Then there are those things that you fall in love with. Not people -- romantic love is an entirely different topic. I'm talking about your passions. These are the things you look forward to, the things you practice, the things you read about, the things you dream of doing. For me, it's photography, hiking, philosophy, swimming, reading, and flying.
Some passions are easy and cheap. Others are like crack cocaine: easy to get hooked but dang expensive to maintain a habit and impossible to ever quit.
I was thinking about crack-heads Monday morning as I walked into my local airport.
I've got the flying bug.
When I was 18, I sold a car and had an extra $600 burning a hole in my pocket. Never one to pass up a chance to do something cool, I went to the local airport and asked for $600 of flying lessons.
I think I got about 8 hours in. It was a long time ago, and I've lost that logbook. I remember sitting on the runway at sunset, gunning the little plane's engine and taking off into the night. I don't remember a lot more than that, but I definitely remember that I loved it.
It stuck with me, like male-pattern baldness, halitosis, or a bad haircut. It was part of me and there was no getting rid of it.
So when I turned 30 or thereabouts, my wife asked me what I wanted for a present.
"How about just a few hours of flying instruction?" I asked innocently. Hey. I can handle my flying problem.
Several years and 300 or so hours later, I was having a blast. I had all sorts of ratings: private, instrument, tailwheel, complex, high-performance, commercial. I had even started on my multi-engine and seaplane ratings.
That was early 2001.
What I found, however, is that flying is not like, say, stamp-collecting. You can't just do a little bit of it, stop, and then pick it up where you left off. That's a good way to hurt yourself. Flying is an incremental activity: each hour in the cockpit builds on all of the others. If you go 90 days without flying, guess what? You need some refresher work. A year? Some serious work. It's all in or all out.
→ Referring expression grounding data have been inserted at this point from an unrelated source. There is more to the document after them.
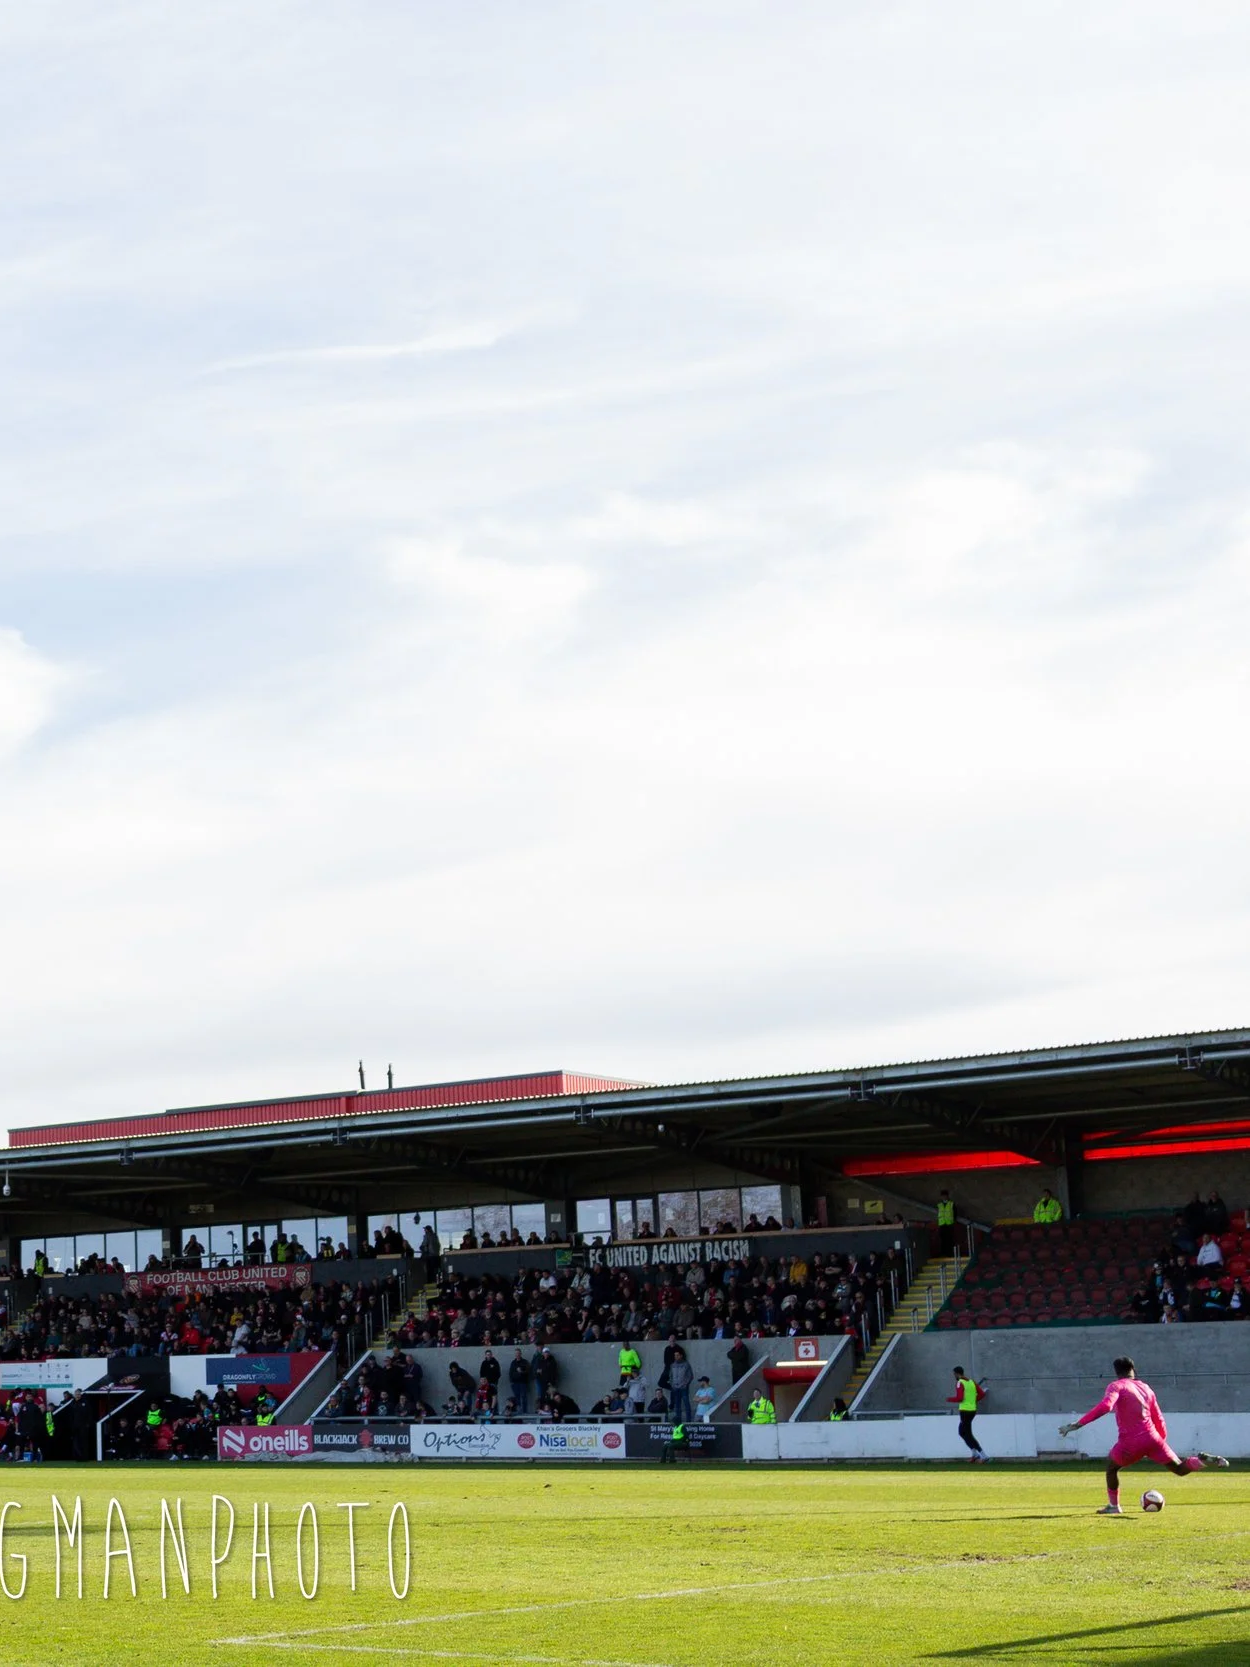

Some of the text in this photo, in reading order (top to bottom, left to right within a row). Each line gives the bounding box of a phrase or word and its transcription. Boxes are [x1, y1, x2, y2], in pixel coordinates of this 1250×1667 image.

[589, 1240, 750, 1267] FC UNITED AGAINST RACISM
[147, 1267, 287, 1284] FOOTBALL CLUB UNITED
[167, 1281, 266, 1295] OF MANHESTER
[314, 1434, 409, 1445] BLACKJACK BREW CO
[423, 1432, 485, 1453] Options
Renting planes was not the way to go, and during one of my business slumps I decided to give up flying until I could buy a plane of my own. Surely, I thought, it wouldn't be that long.
Fast-forward 8 years.
I'm in town yesterday getting my cell phone programmed before my afternoon flight. The programming goes quickly, so I have a couple of extra hours to kill.
What to do? Let's see. What to do. What to do.
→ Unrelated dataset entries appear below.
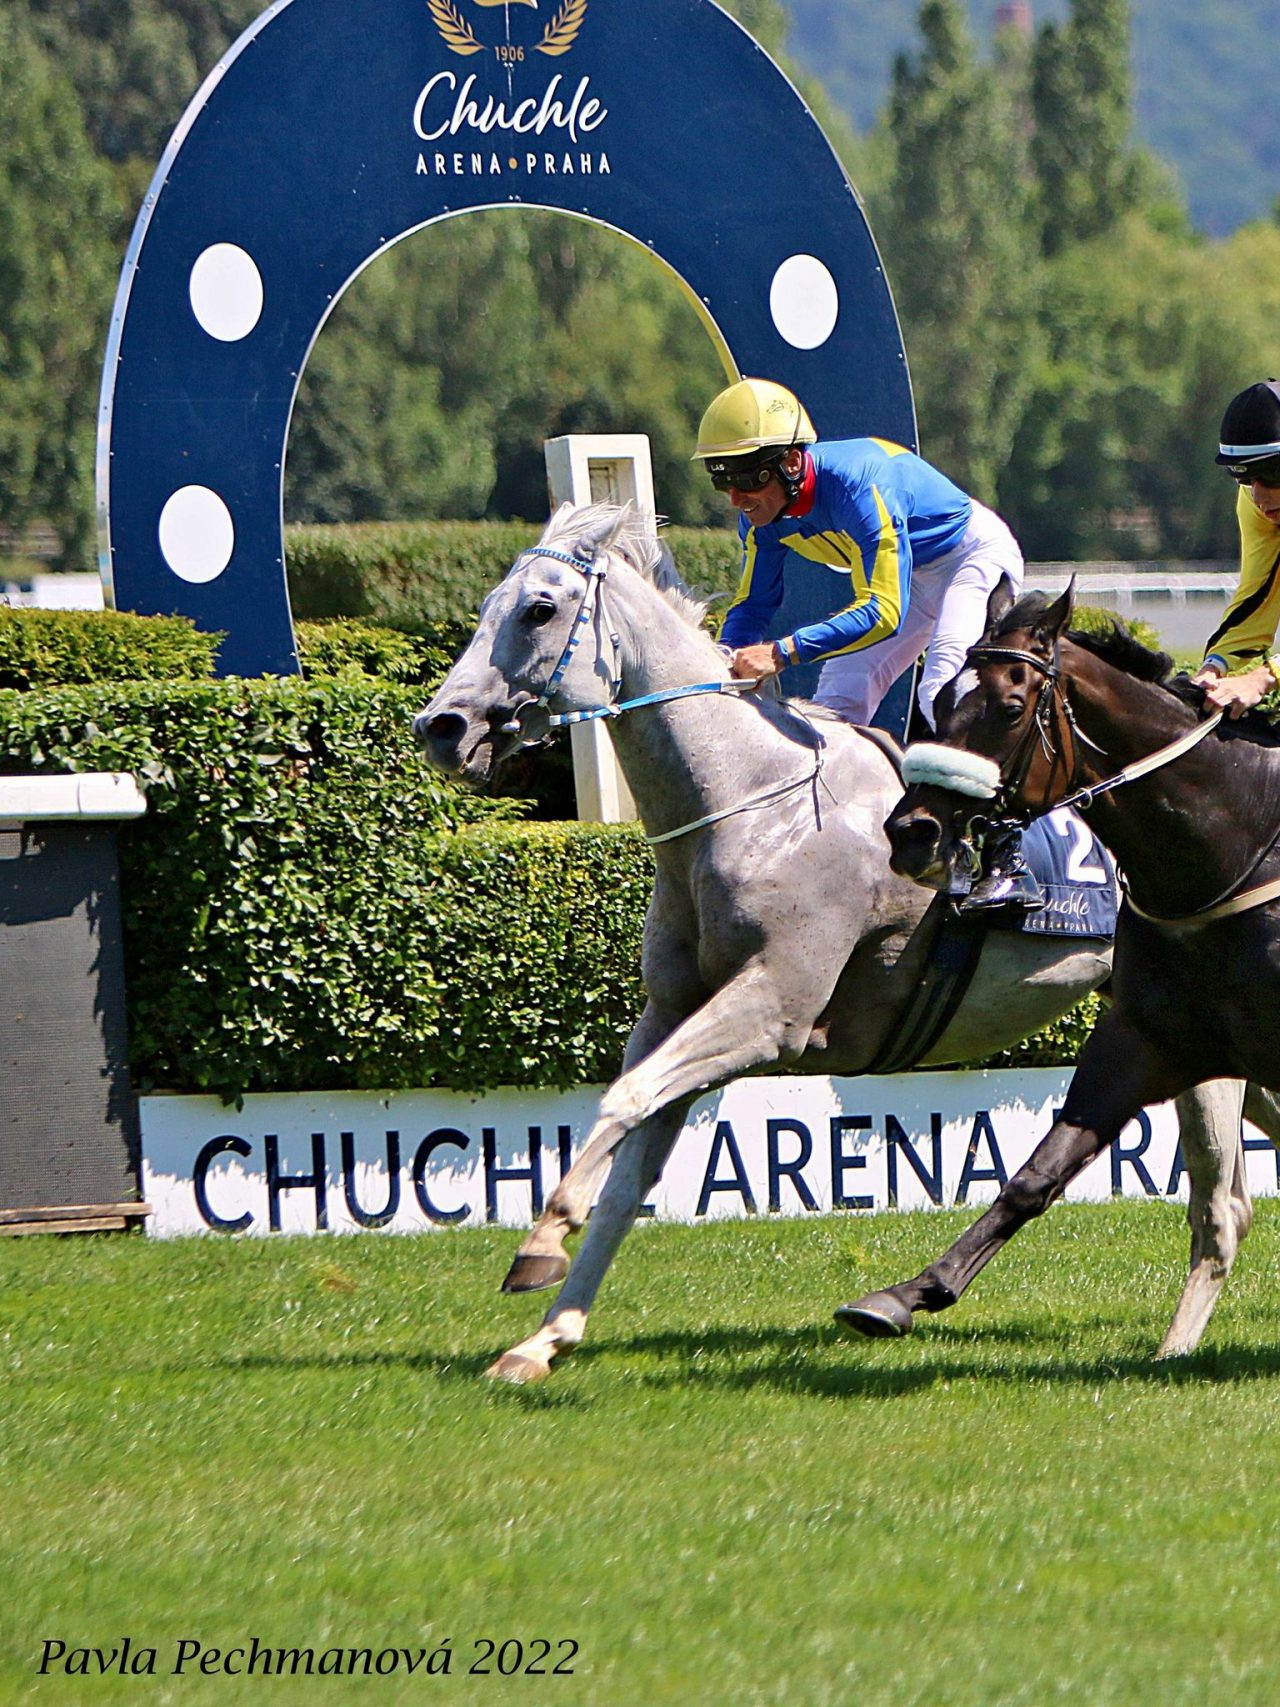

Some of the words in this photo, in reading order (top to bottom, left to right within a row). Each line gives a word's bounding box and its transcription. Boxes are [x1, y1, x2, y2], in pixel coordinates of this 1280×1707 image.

[494, 46, 525, 62] 1906
[413, 71, 608, 143] Chuchle
[416, 153, 501, 175] ARENA
[526, 153, 611, 175] PRAHA
[1049, 805, 1107, 884] 2
[695, 1111, 1008, 1216] ARENA
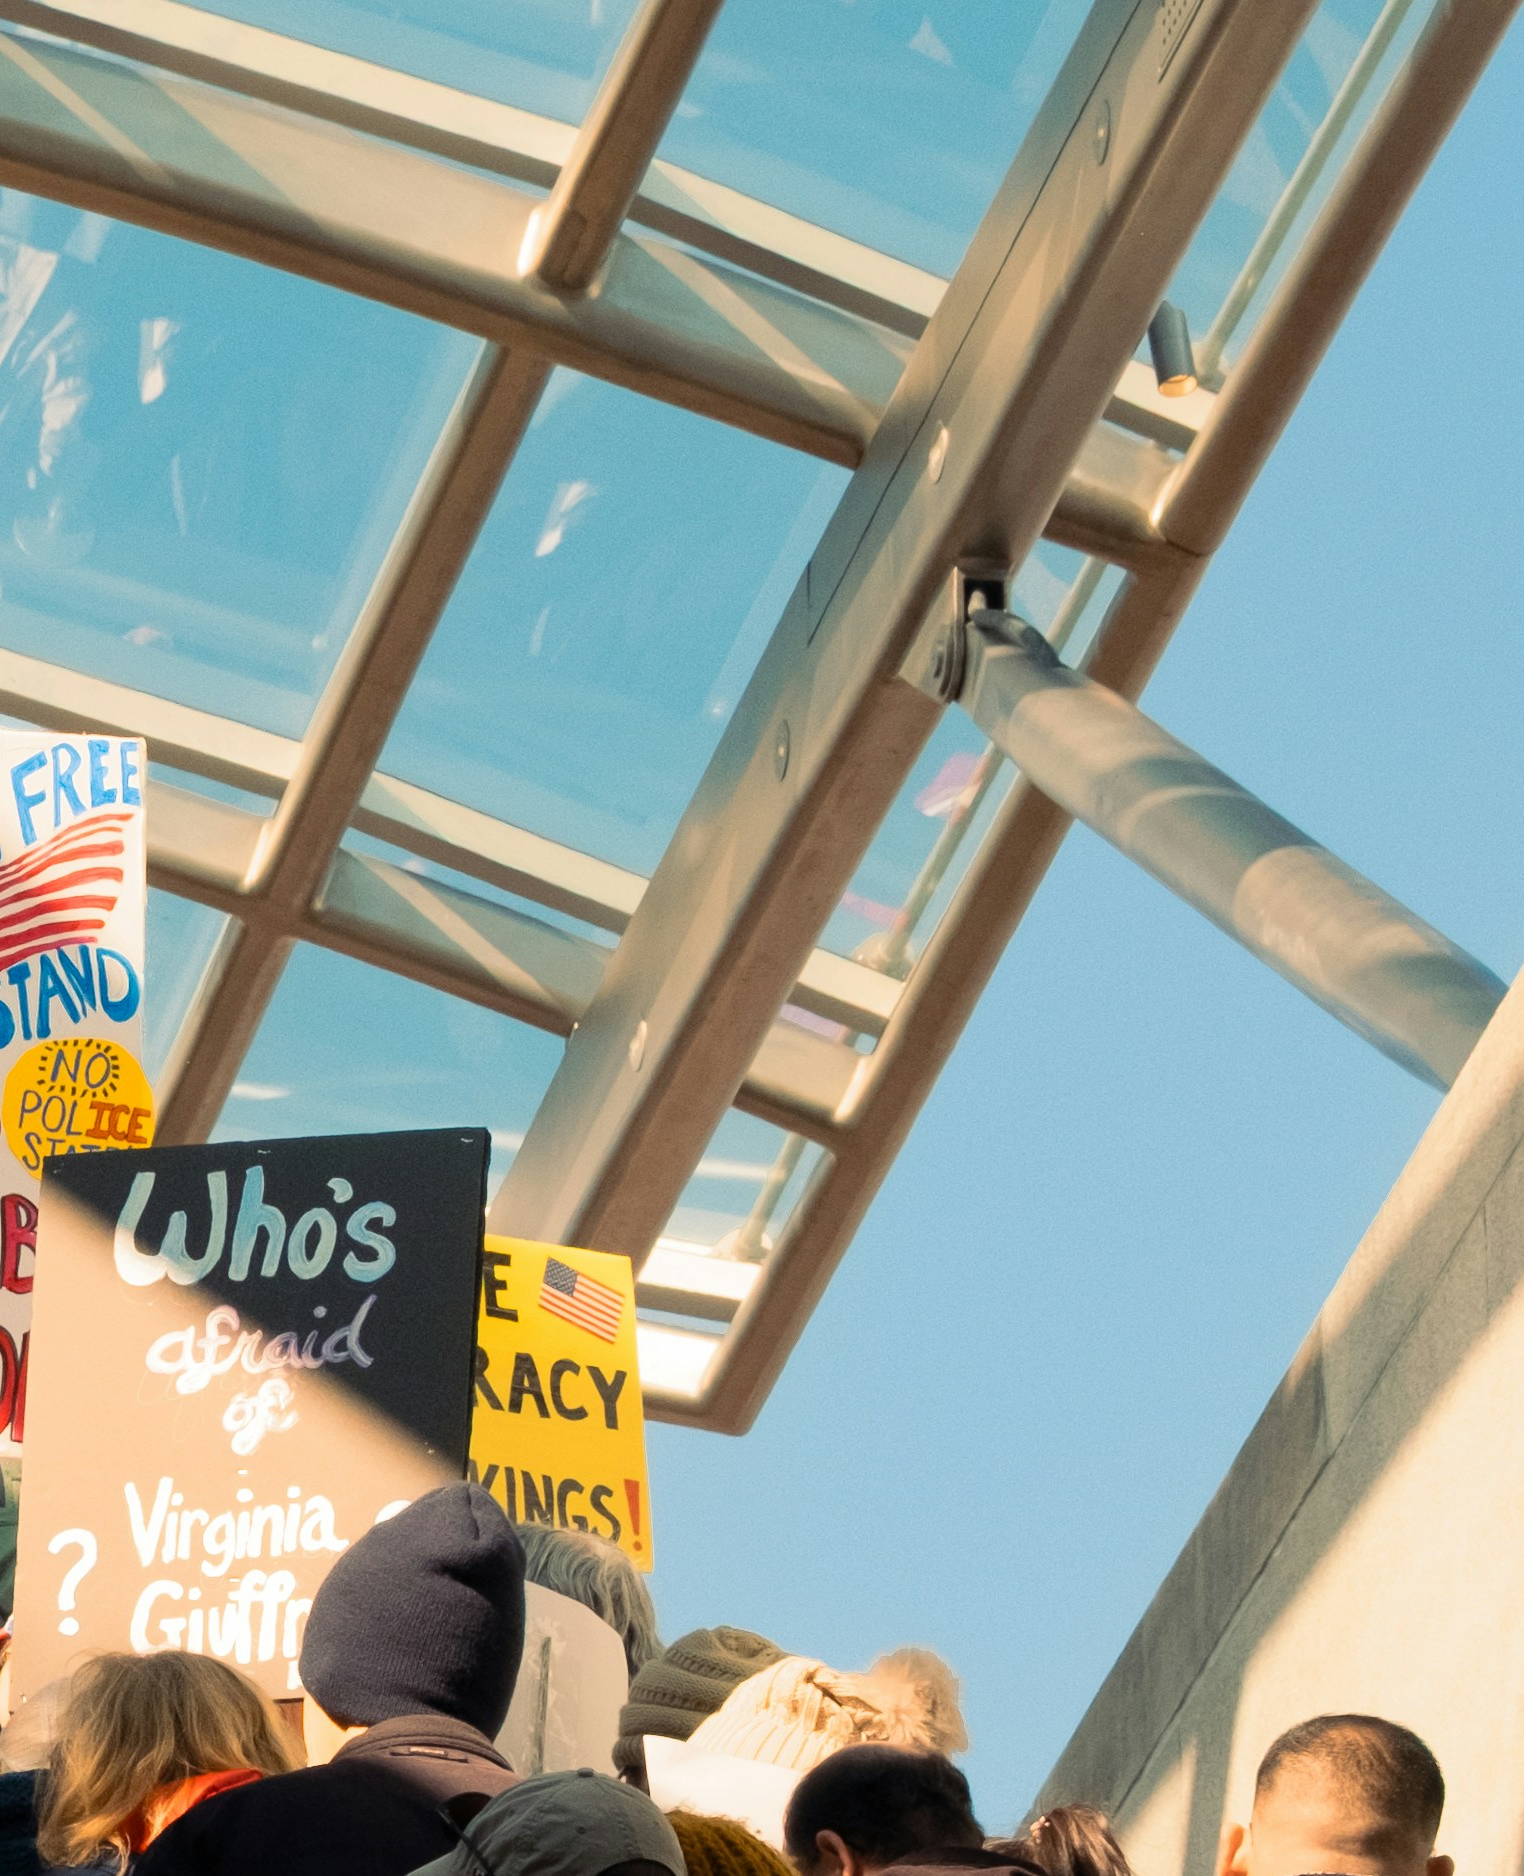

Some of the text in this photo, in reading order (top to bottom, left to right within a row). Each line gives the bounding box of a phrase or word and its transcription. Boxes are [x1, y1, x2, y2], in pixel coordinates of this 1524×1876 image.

[9, 738, 143, 848] FREE
[18, 1089, 152, 1144] POLICE
[50, 1049, 111, 1089] NO
[113, 1165, 397, 1287] Who's
[145, 1294, 379, 1395] afraid
[474, 1345, 628, 1430] RACY
[221, 1376, 301, 1457] of
[123, 1476, 350, 1577] Virginia
[47, 1527, 98, 1637] ?
[129, 1568, 314, 1665] Giuffr
Well, it couldn't hurt to go by the airport and see how the new FBO building looks (that's the place where the little planes come and go). So I drove over and walked in.
It looked really nice.
It also couldn't hurt to pick up a VFR sectional and Instrument plates for the area. After all, it might be kind of a test. See how much I could remember.
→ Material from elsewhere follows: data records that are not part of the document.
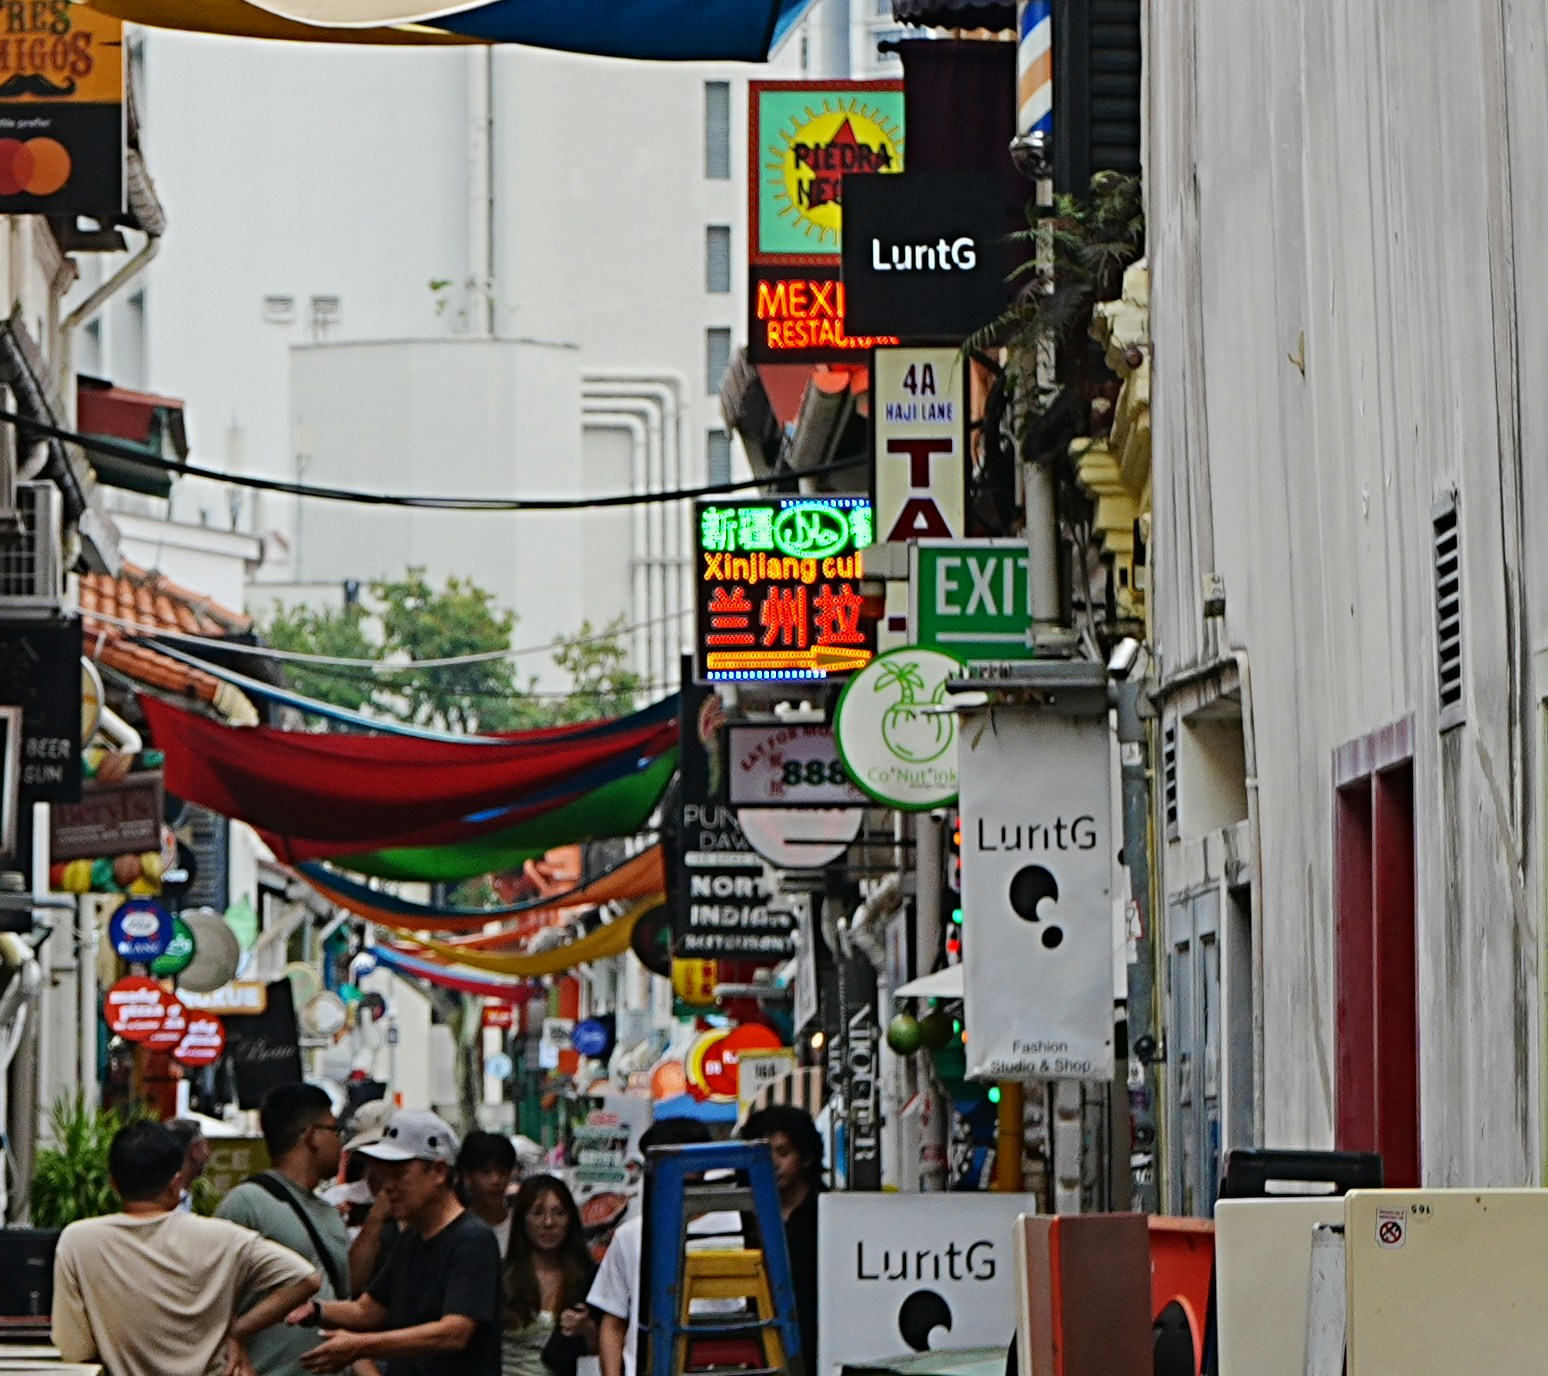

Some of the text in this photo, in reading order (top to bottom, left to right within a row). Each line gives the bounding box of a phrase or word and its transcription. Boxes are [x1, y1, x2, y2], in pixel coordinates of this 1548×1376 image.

[793, 143, 892, 169] PIEDRA
[902, 363, 936, 396] 4A
[885, 401, 953, 423] HAJI LANE
[704, 552, 817, 584] Xinjiang
[707, 584, 865, 647] 兰州拉
[1012, 1040, 1068, 1054] Fashion
[991, 1059, 1091, 1075] Studio & Shop
Turns out I remember quite a bit.
While I was there, I mentioned being a pilot and flying years ago. A very nice man showed me where there was partial ownership in a plane for sale. A plane! For sale! And I don't have to buy the whole thing, only part of it!
I politely declined.
After all, I'm only there looking. No flying for old Daniel.
So now, of course, I have flying on the brain. As it turns out, this is a GREAT time to buy airplanes. The market has tanked, and you can buy planes for half of what they were a few years ago. That Piper Turbo Lance I wanted in 2001 for $140K? I can pick it up now for $70K. Or maybe even $60K if I talk the guy down.
That's like the cost of a new premium car. A six-seat, turbo-charged, T-tailed, IFR-capable, two-axis autopilot airplane for the cost of a pricey car.
It's enough to make you cry.
But I'm not getting back into flying. No sir.
I can quit anytime I want to.
Take two aspirin and call me in the morning;)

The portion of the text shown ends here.